* What needs to be done *
From the line with "this 1280×1695 image." through the final line below, restate each line word for word and return nothing else.

* Excerpted records *
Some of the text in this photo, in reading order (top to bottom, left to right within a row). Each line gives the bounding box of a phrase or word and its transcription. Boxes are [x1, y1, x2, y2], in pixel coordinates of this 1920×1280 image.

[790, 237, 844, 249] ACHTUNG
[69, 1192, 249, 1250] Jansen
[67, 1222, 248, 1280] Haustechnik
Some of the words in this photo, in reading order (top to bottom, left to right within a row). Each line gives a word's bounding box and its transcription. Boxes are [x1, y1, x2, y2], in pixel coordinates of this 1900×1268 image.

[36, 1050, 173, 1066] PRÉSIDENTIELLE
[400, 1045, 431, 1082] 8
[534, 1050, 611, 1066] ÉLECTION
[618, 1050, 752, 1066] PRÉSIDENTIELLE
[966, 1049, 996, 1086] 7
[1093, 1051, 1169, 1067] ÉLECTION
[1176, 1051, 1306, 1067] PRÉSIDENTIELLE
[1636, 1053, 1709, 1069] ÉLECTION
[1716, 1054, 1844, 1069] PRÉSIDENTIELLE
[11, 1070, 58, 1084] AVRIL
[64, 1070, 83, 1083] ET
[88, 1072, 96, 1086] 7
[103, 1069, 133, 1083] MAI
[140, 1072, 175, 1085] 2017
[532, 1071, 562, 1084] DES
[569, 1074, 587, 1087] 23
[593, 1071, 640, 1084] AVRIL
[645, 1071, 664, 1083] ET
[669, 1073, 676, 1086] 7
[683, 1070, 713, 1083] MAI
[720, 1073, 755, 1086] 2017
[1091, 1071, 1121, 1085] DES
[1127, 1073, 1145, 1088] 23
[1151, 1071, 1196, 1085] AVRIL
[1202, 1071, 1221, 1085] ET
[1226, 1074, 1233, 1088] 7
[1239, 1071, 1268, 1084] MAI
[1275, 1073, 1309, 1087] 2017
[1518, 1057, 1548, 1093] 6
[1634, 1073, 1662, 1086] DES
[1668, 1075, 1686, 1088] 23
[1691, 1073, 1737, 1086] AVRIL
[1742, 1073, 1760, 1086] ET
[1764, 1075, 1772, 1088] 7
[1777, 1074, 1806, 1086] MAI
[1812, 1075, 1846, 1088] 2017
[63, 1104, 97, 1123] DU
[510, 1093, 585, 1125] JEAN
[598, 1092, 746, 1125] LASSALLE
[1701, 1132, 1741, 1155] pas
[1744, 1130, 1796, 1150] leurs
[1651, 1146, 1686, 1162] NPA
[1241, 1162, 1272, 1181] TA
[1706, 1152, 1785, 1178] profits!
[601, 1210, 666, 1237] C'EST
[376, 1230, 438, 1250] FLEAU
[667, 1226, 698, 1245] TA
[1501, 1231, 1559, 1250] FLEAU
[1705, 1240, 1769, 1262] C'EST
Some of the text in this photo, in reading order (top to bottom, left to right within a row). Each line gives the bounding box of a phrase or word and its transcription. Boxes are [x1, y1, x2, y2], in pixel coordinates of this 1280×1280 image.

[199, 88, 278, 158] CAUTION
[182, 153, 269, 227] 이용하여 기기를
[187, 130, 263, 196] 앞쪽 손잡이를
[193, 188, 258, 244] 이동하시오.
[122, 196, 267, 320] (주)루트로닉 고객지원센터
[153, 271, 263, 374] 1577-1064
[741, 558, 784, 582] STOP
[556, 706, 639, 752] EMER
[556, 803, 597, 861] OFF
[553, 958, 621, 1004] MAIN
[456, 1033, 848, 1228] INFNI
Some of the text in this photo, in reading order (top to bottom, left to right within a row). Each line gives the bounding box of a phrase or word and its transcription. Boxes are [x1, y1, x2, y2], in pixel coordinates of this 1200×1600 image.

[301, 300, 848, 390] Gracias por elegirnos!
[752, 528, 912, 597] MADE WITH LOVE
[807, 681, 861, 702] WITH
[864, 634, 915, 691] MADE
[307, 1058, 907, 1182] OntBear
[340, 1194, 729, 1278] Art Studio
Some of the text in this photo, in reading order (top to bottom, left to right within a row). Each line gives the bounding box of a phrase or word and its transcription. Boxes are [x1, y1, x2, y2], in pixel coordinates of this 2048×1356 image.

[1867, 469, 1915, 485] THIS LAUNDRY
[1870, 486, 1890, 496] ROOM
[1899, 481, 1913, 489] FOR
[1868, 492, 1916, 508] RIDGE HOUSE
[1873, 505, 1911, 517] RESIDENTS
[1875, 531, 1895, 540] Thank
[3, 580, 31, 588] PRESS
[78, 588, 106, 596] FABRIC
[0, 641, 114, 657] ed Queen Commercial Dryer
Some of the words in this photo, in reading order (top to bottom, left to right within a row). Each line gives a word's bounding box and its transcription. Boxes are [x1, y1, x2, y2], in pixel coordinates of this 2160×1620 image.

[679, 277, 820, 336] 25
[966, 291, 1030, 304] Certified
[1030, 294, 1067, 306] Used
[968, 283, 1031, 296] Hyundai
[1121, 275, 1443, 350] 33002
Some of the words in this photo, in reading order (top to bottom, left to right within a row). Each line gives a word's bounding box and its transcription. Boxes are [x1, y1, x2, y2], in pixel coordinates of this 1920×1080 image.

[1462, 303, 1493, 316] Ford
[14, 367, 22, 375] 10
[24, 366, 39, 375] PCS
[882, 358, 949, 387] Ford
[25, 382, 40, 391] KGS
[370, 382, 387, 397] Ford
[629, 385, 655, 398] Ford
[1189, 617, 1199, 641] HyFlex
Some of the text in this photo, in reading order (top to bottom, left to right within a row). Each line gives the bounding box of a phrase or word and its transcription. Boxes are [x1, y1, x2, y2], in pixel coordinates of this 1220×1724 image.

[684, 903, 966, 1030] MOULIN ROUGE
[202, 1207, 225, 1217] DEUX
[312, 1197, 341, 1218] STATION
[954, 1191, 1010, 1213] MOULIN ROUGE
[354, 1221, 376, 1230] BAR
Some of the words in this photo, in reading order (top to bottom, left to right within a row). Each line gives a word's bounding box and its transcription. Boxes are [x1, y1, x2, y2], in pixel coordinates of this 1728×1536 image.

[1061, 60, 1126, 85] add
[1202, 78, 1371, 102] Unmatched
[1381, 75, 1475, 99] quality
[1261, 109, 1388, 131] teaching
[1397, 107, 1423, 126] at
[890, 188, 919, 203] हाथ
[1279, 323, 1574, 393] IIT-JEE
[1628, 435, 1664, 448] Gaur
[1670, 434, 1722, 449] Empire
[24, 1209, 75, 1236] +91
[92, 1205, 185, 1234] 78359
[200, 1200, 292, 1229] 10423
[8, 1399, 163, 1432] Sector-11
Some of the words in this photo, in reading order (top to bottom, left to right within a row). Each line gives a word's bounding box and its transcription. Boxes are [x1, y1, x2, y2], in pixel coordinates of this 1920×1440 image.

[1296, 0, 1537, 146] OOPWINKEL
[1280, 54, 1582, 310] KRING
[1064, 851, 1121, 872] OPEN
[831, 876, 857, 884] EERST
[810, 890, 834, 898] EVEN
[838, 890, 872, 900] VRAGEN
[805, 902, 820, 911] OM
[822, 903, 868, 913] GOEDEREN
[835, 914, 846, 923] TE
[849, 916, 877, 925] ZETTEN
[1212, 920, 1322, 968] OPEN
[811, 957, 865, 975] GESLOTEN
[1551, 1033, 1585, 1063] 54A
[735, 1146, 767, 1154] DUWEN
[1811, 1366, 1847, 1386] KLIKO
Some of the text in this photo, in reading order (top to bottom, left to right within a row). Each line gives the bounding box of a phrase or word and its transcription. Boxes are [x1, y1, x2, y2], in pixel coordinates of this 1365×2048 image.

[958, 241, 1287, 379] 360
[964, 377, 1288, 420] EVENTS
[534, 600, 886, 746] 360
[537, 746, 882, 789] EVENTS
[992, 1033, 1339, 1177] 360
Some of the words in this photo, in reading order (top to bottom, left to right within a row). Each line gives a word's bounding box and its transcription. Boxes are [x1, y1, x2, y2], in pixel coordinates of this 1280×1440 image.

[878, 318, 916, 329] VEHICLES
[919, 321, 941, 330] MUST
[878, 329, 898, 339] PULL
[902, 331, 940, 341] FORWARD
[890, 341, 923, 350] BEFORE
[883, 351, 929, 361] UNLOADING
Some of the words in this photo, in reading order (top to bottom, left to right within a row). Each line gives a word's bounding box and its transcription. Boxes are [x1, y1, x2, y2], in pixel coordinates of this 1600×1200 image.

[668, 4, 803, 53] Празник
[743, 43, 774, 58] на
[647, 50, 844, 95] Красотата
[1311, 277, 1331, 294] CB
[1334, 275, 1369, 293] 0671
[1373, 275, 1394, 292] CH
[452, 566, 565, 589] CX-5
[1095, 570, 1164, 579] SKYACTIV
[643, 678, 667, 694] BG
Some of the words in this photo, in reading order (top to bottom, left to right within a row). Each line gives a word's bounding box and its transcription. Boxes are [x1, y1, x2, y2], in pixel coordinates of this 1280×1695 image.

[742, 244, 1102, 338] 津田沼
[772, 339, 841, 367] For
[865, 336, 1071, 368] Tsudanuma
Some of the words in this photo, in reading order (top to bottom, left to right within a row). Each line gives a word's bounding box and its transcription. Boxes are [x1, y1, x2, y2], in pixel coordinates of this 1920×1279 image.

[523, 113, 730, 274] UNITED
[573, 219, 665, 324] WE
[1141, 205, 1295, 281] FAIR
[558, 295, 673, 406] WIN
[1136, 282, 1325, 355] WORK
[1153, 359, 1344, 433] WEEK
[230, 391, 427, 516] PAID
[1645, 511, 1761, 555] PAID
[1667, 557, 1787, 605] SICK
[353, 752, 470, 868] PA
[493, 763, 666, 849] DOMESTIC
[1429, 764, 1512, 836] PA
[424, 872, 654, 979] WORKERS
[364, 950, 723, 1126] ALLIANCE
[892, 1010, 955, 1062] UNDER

* Task solution *
Some of the words in this photo, in reading order (top to bottom, left to right within a row). Each line gives a word's bounding box and its transcription. Boxes are [x1, y1, x2, y2], in pixel coordinates of this 1280×1695 image.

[742, 244, 1102, 338] 津田沼
[772, 339, 841, 367] For
[865, 336, 1071, 368] Tsudanuma
Some of the words in this photo, in reading order (top to bottom, left to right within a row). Each line gives a word's bounding box and its transcription. Boxes are [x1, y1, x2, y2], in pixel coordinates of this 1920×1279 image.

[523, 113, 730, 274] UNITED
[573, 219, 665, 324] WE
[1141, 205, 1295, 281] FAIR
[558, 295, 673, 406] WIN
[1136, 282, 1325, 355] WORK
[1153, 359, 1344, 433] WEEK
[230, 391, 427, 516] PAID
[1645, 511, 1761, 555] PAID
[1667, 557, 1787, 605] SICK
[353, 752, 470, 868] PA
[493, 763, 666, 849] DOMESTIC
[1429, 764, 1512, 836] PA
[424, 872, 654, 979] WORKERS
[364, 950, 723, 1126] ALLIANCE
[892, 1010, 955, 1062] UNDER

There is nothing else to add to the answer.